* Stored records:
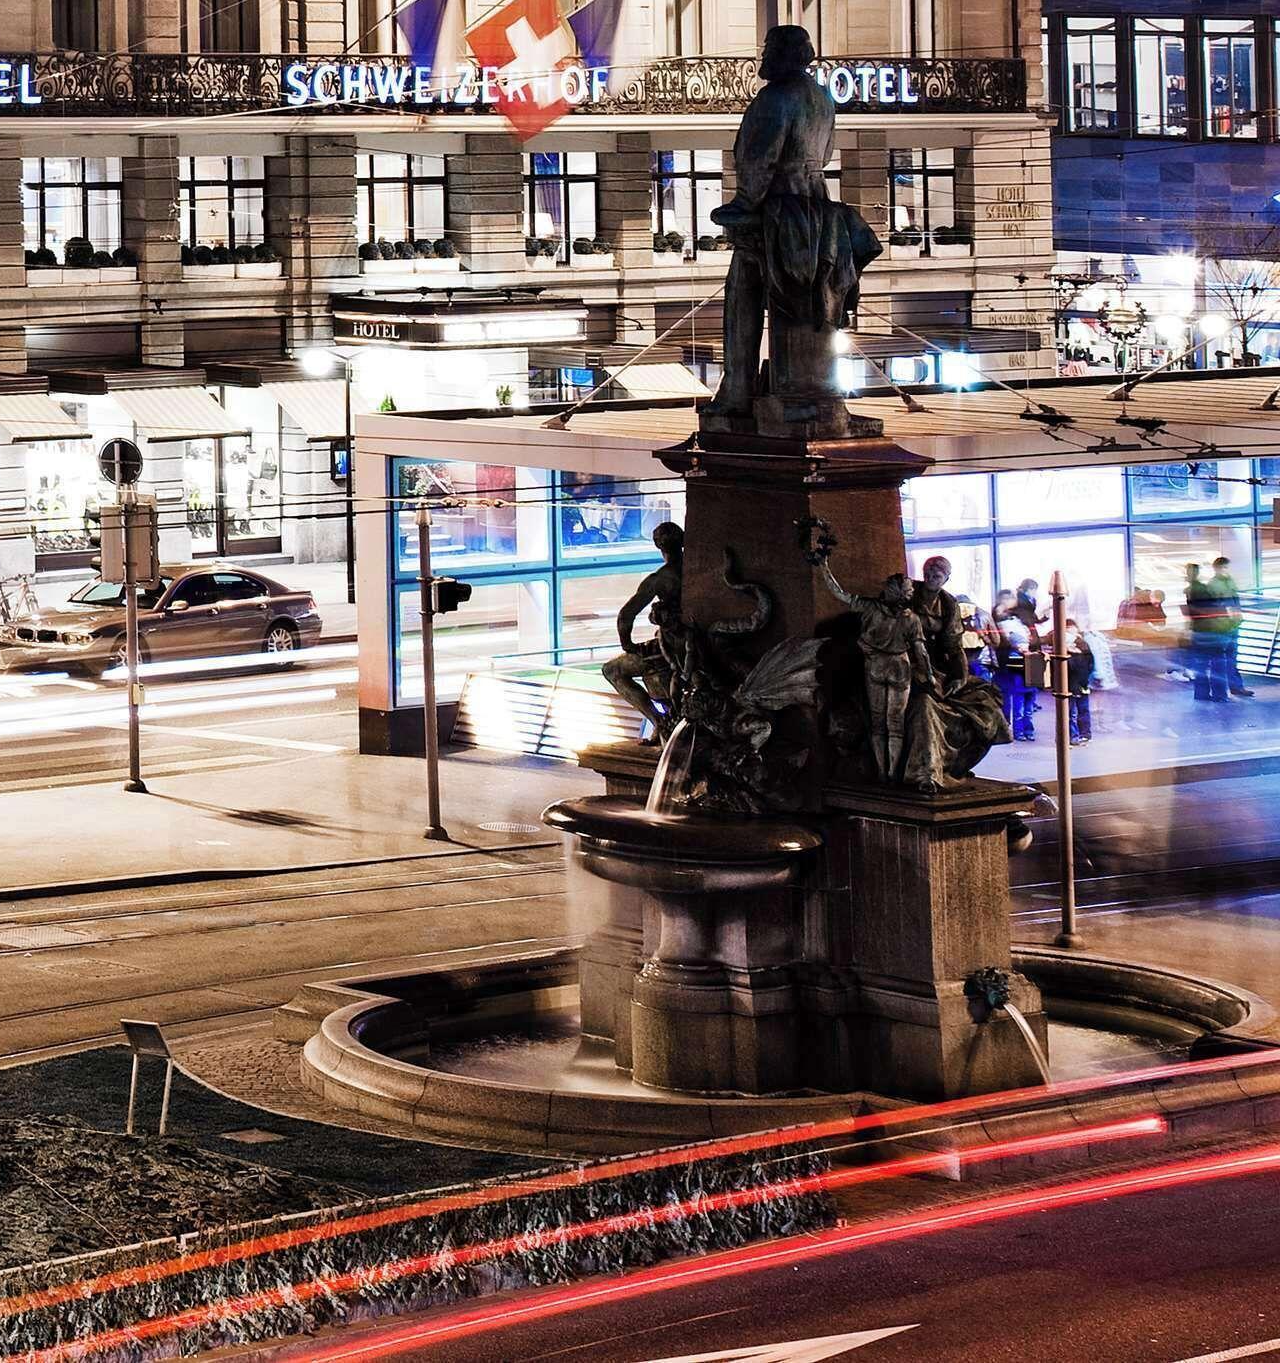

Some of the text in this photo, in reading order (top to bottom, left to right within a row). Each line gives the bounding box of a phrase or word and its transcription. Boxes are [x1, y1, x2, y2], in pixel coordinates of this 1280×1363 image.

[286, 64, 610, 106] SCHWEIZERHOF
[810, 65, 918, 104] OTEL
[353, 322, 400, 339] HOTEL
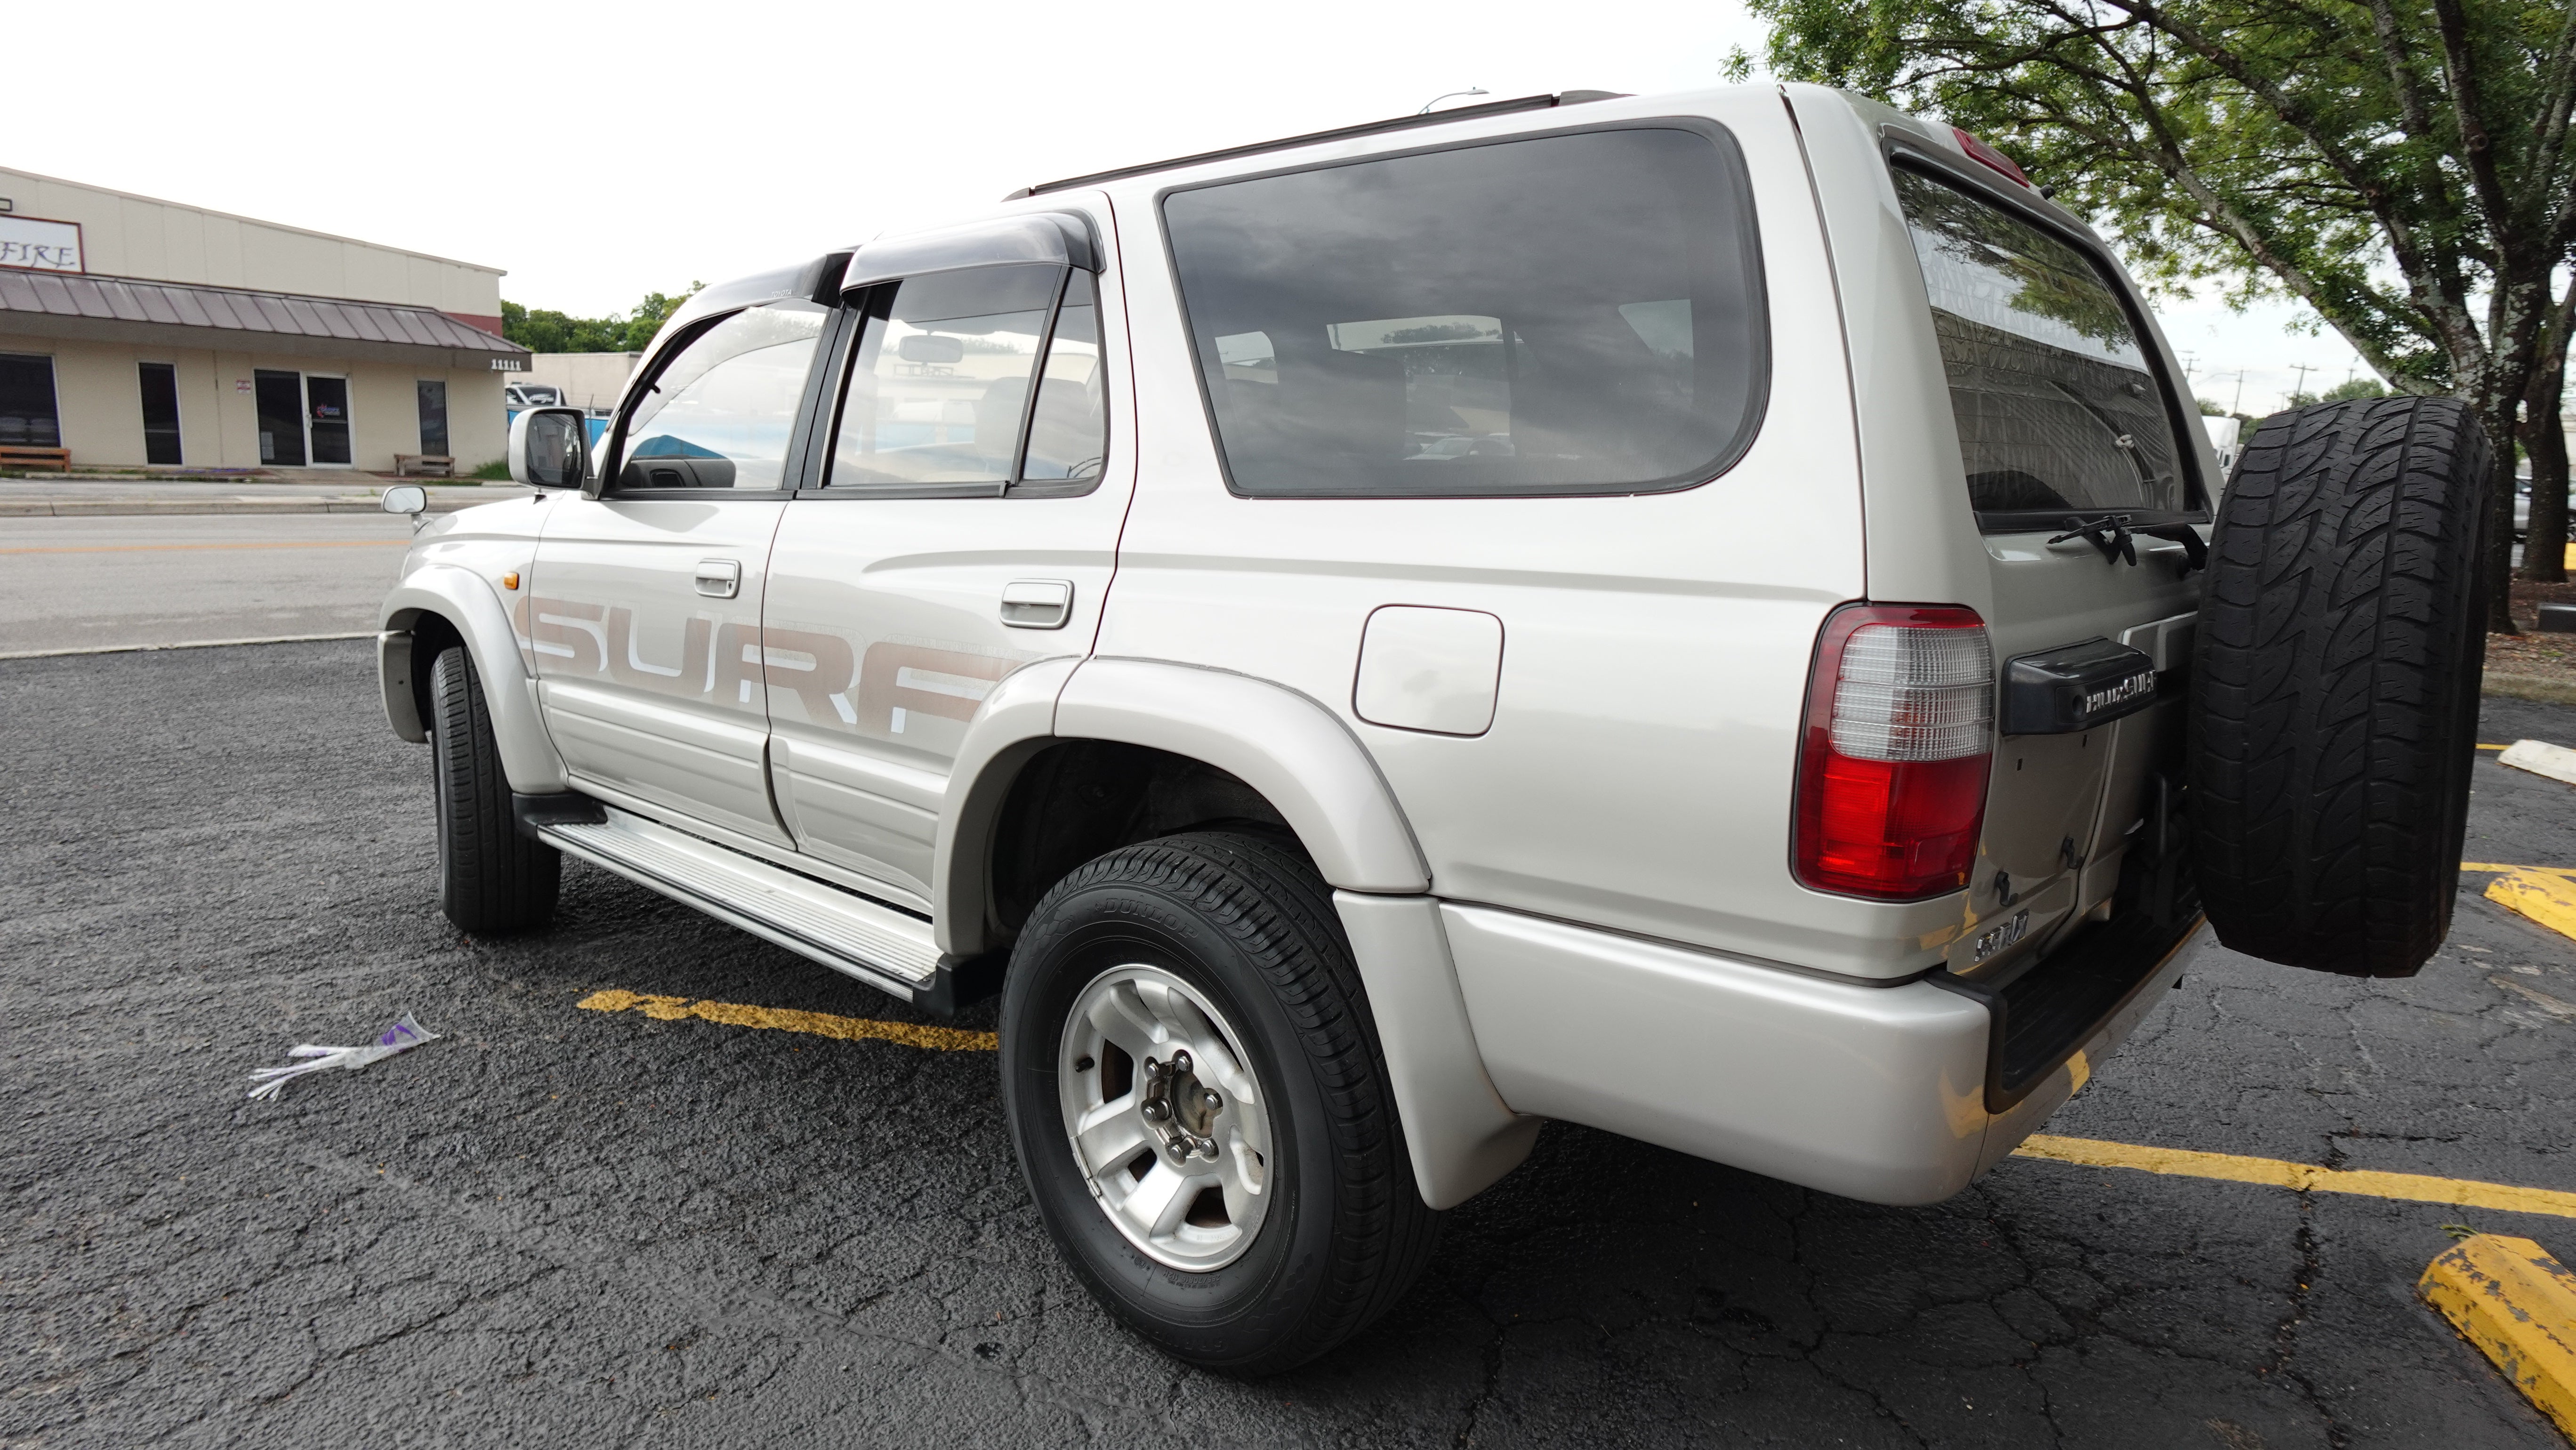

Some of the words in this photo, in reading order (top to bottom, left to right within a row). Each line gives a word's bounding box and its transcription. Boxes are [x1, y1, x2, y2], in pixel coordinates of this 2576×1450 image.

* ASSIGNMENT: Reproduce each entry exactly, without the pictures.

* SOLUTION TO THE PROBLEM:
Some of the text in this photo, in reading order (top to bottom, left to right within a row). Each line gives the bounding box of a phrase or word and its transcription. Boxes are [x1, y1, x2, y2], in pixel coordinates of this 1280×1363 image.

[286, 64, 610, 106] SCHWEIZERHOF
[810, 65, 918, 104] OTEL
[353, 322, 400, 339] HOTEL

Some of the words in this photo, in reading order (top to bottom, left to right within a row). Each line gives a word's bounding box and its transcription. Boxes are [x1, y1, x2, y2], in pixel coordinates of this 2576×1450 image.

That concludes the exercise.